▸ REQUIRED ACTION:
Reproduce the entries exactly, but keep the pictures out of the copy.

═══ RECORDS FOR PROCESSING ═══

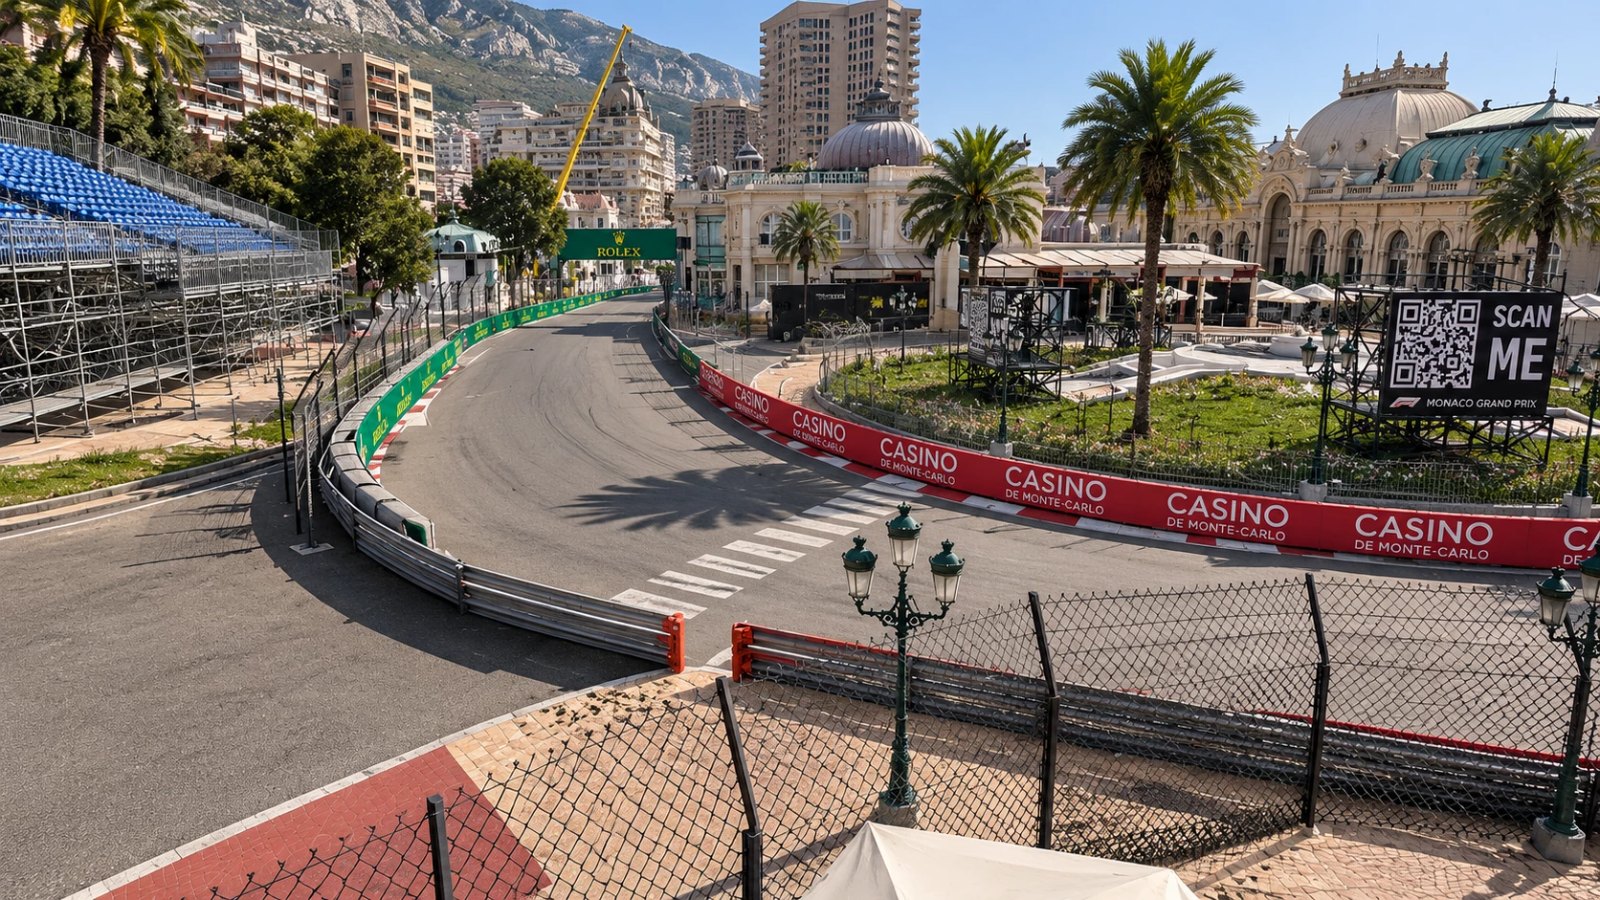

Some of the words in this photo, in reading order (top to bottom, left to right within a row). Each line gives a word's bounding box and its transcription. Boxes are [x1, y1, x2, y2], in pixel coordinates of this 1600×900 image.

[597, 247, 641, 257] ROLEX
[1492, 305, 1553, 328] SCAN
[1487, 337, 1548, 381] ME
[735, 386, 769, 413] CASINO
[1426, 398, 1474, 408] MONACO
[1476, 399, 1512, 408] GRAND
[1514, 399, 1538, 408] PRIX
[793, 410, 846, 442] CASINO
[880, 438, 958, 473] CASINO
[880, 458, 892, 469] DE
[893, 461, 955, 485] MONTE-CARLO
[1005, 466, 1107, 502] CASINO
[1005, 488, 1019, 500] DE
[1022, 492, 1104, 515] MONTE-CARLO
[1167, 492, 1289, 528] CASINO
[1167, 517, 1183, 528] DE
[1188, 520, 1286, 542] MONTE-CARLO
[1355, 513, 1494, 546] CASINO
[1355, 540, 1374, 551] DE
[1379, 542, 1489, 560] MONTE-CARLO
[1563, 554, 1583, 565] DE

═══

▸ SOLUTION TO THE EXERCISE:
Some of the words in this photo, in reading order (top to bottom, left to right within a row). Each line gives a word's bounding box and its transcription. Boxes are [x1, y1, x2, y2], in pixel coordinates of this 1600×900 image.

[597, 247, 641, 257] ROLEX
[1492, 305, 1553, 328] SCAN
[1487, 337, 1548, 381] ME
[735, 386, 769, 413] CASINO
[1426, 398, 1474, 408] MONACO
[1476, 399, 1512, 408] GRAND
[1514, 399, 1538, 408] PRIX
[793, 410, 846, 442] CASINO
[880, 438, 958, 473] CASINO
[880, 458, 892, 469] DE
[893, 461, 955, 485] MONTE-CARLO
[1005, 466, 1107, 502] CASINO
[1005, 488, 1019, 500] DE
[1022, 492, 1104, 515] MONTE-CARLO
[1167, 492, 1289, 528] CASINO
[1167, 517, 1183, 528] DE
[1188, 520, 1286, 542] MONTE-CARLO
[1355, 513, 1494, 546] CASINO
[1355, 540, 1374, 551] DE
[1379, 542, 1489, 560] MONTE-CARLO
[1563, 554, 1583, 565] DE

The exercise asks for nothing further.